> [Items from a dataset]
——————
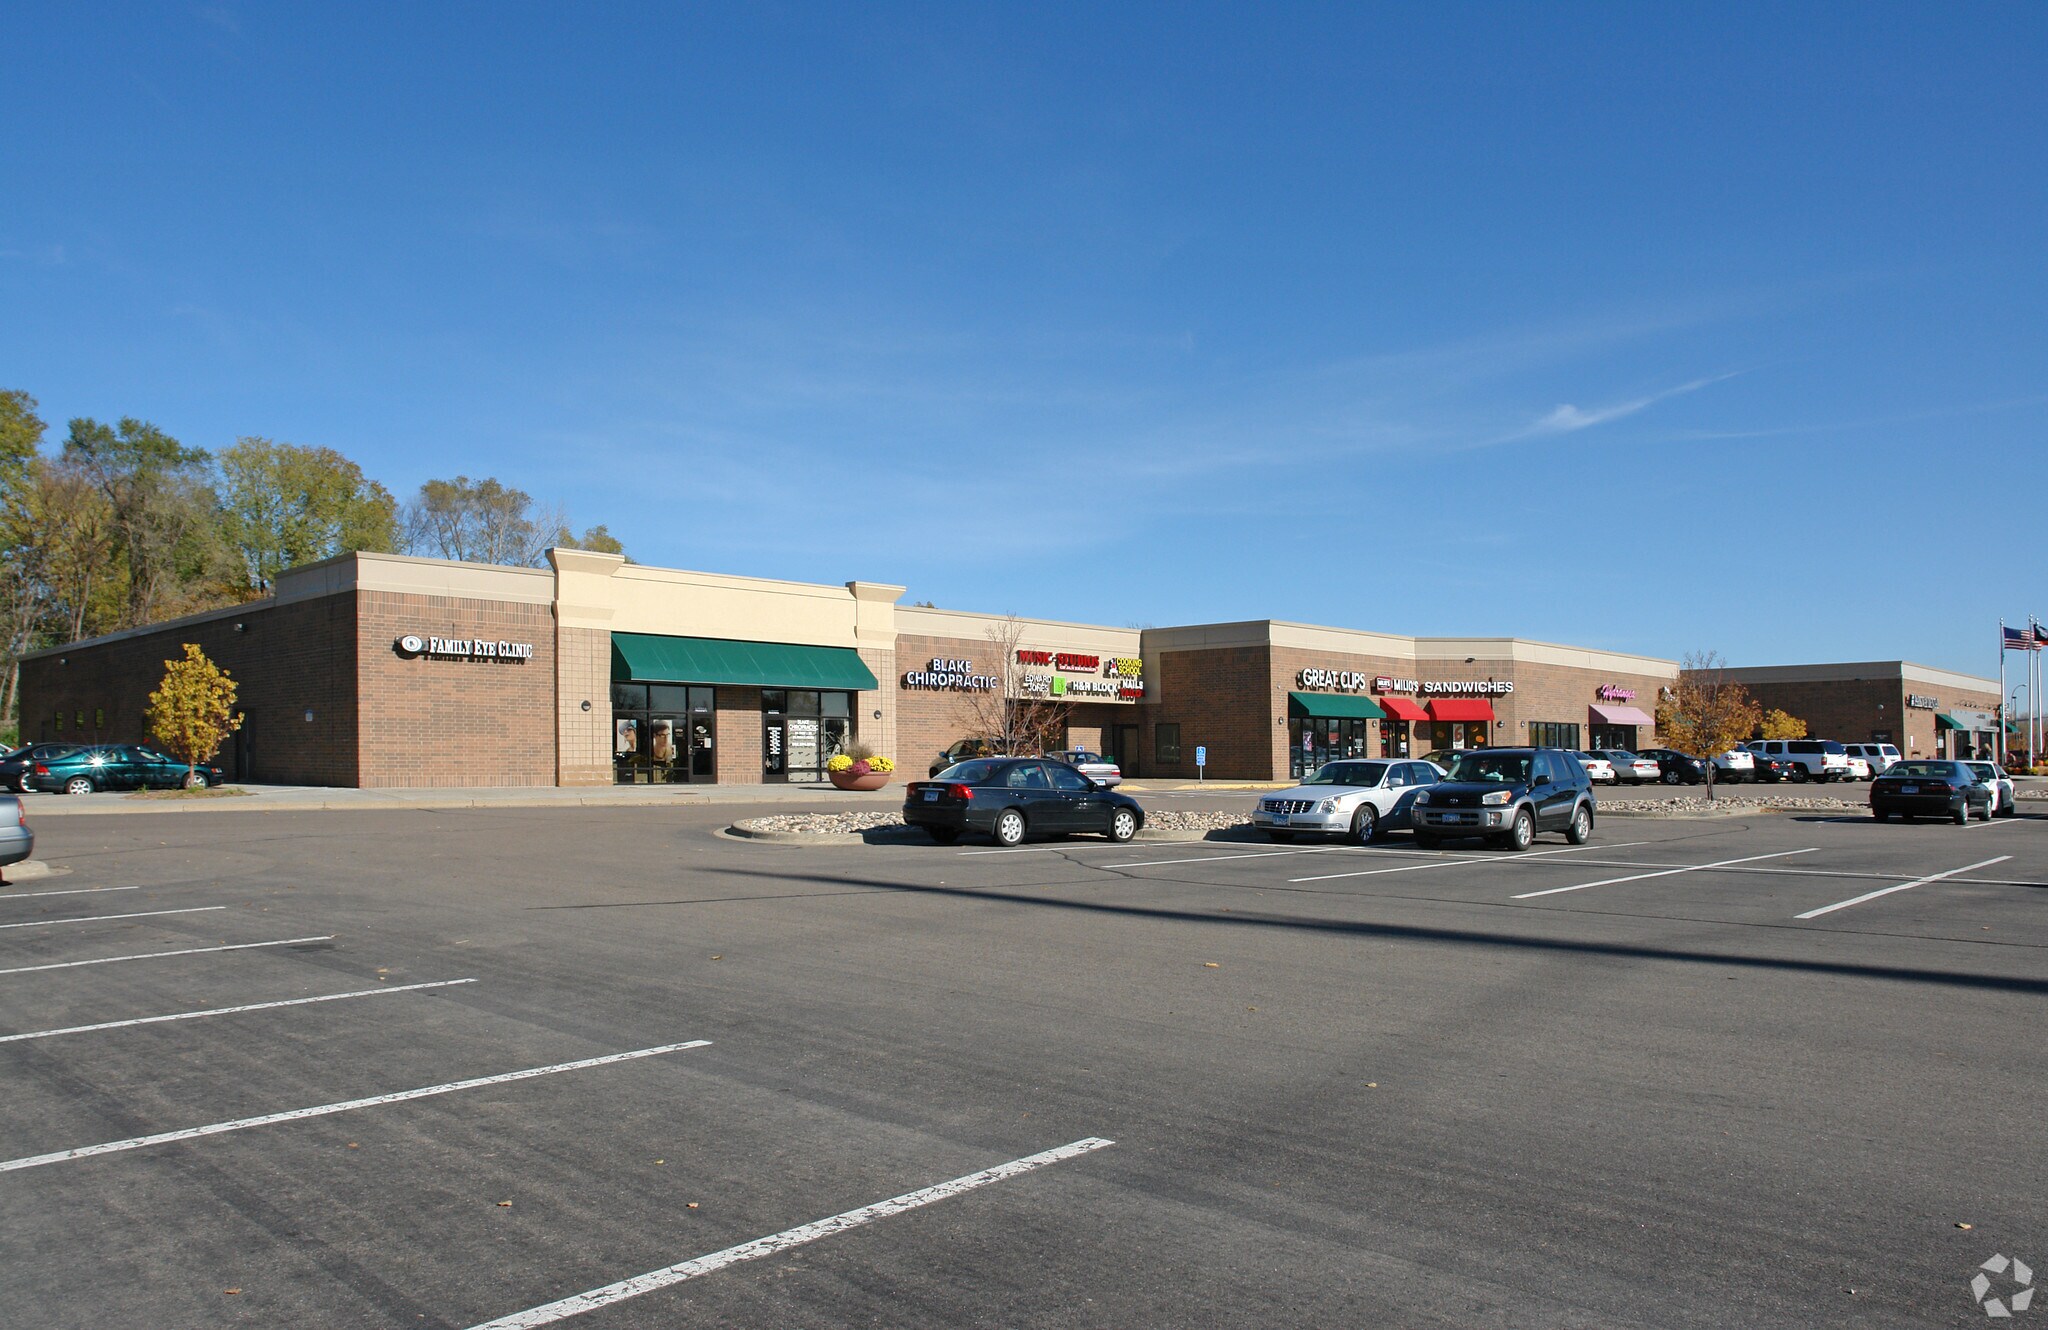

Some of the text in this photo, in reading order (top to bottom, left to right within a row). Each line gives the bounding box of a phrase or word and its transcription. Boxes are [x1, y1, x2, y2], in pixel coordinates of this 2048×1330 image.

[429, 636, 533, 658] FAMILY EYE CLINIC
[1019, 650, 1100, 667] MUSIC STUDIOS
[1116, 657, 1142, 667] COOKING
[933, 658, 972, 673] BLAKE
[1118, 665, 1141, 675] SCHOOL
[906, 671, 997, 688] CHIROPRACTIC
[1025, 674, 1051, 683] EDWARD
[1303, 668, 1337, 688] GREAT
[1340, 671, 1365, 689] CLIPS
[1027, 683, 1049, 692] JONES
[1073, 681, 1118, 692] H&R BLOCK
[1122, 680, 1143, 689] NAILS
[1424, 681, 1513, 693] SANDWICHES
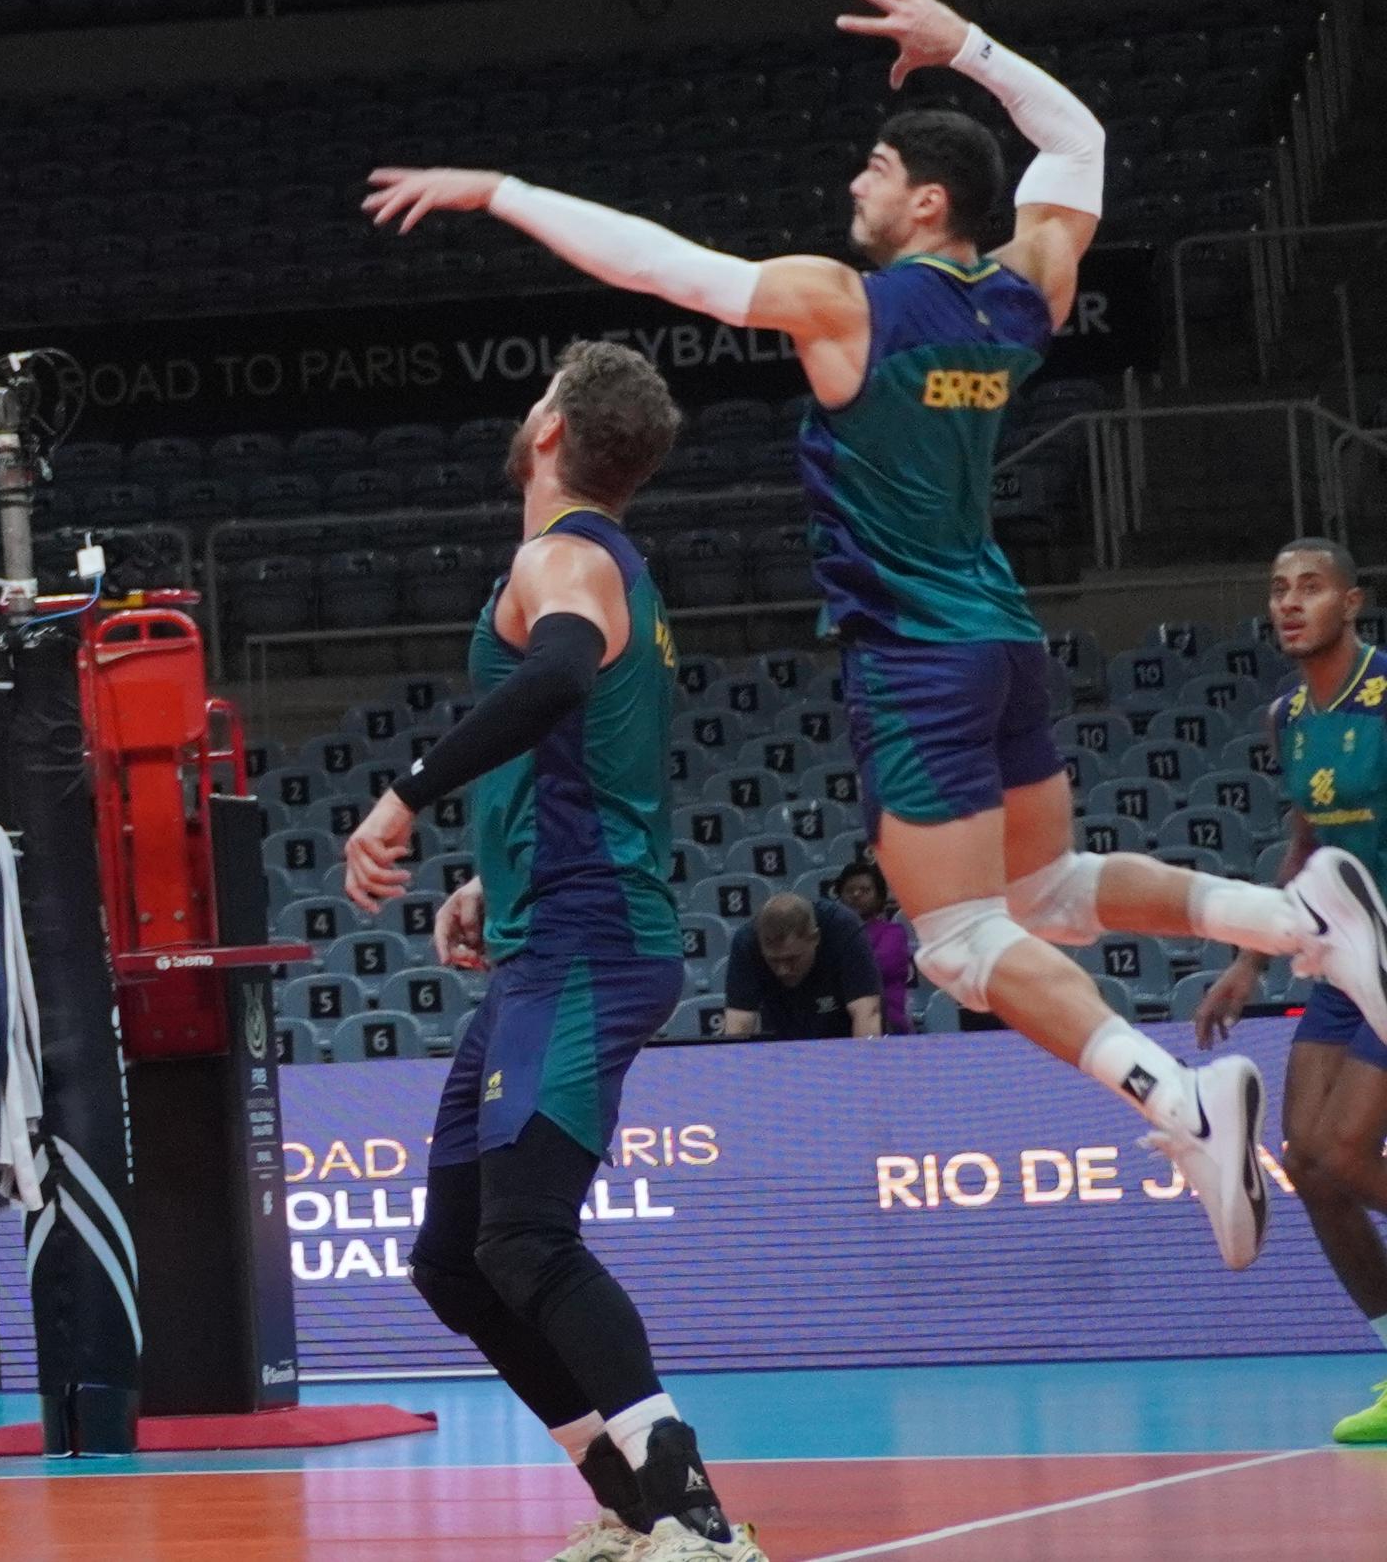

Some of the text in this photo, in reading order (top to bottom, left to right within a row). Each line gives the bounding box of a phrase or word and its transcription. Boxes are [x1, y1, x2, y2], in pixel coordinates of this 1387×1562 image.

[215, 353, 283, 396] TO
[299, 342, 443, 392] PARIS
[456, 322, 796, 382] VOLYBALL
[282, 1124, 721, 1183] OAD RIS
[876, 1151, 1001, 1210] RIO
[1021, 1145, 1124, 1205] DE
——————
Keeping every word as it is, write out all the data and omit the pictures.

Some of the text in this photo, in reading order (top to bottom, left to right within a row). Each line gives the bounding box of a phrase or word and its transcription. Boxes are [x1, y1, x2, y2], in pixel coordinates of this 2048×1330 image.

[429, 636, 533, 658] FAMILY EYE CLINIC
[1019, 650, 1100, 667] MUSIC STUDIOS
[1116, 657, 1142, 667] COOKING
[933, 658, 972, 673] BLAKE
[1118, 665, 1141, 675] SCHOOL
[906, 671, 997, 688] CHIROPRACTIC
[1025, 674, 1051, 683] EDWARD
[1303, 668, 1337, 688] GREAT
[1340, 671, 1365, 689] CLIPS
[1027, 683, 1049, 692] JONES
[1073, 681, 1118, 692] H&R BLOCK
[1122, 680, 1143, 689] NAILS
[1424, 681, 1513, 693] SANDWICHES

Some of the text in this photo, in reading order (top to bottom, left to right within a row). Each line gives the bounding box of a phrase or word and its transcription. Boxes are [x1, y1, x2, y2], in pixel coordinates of this 1387×1562 image.

[215, 353, 283, 396] TO
[299, 342, 443, 392] PARIS
[456, 322, 796, 382] VOLYBALL
[282, 1124, 721, 1183] OAD RIS
[876, 1151, 1001, 1210] RIO
[1021, 1145, 1124, 1205] DE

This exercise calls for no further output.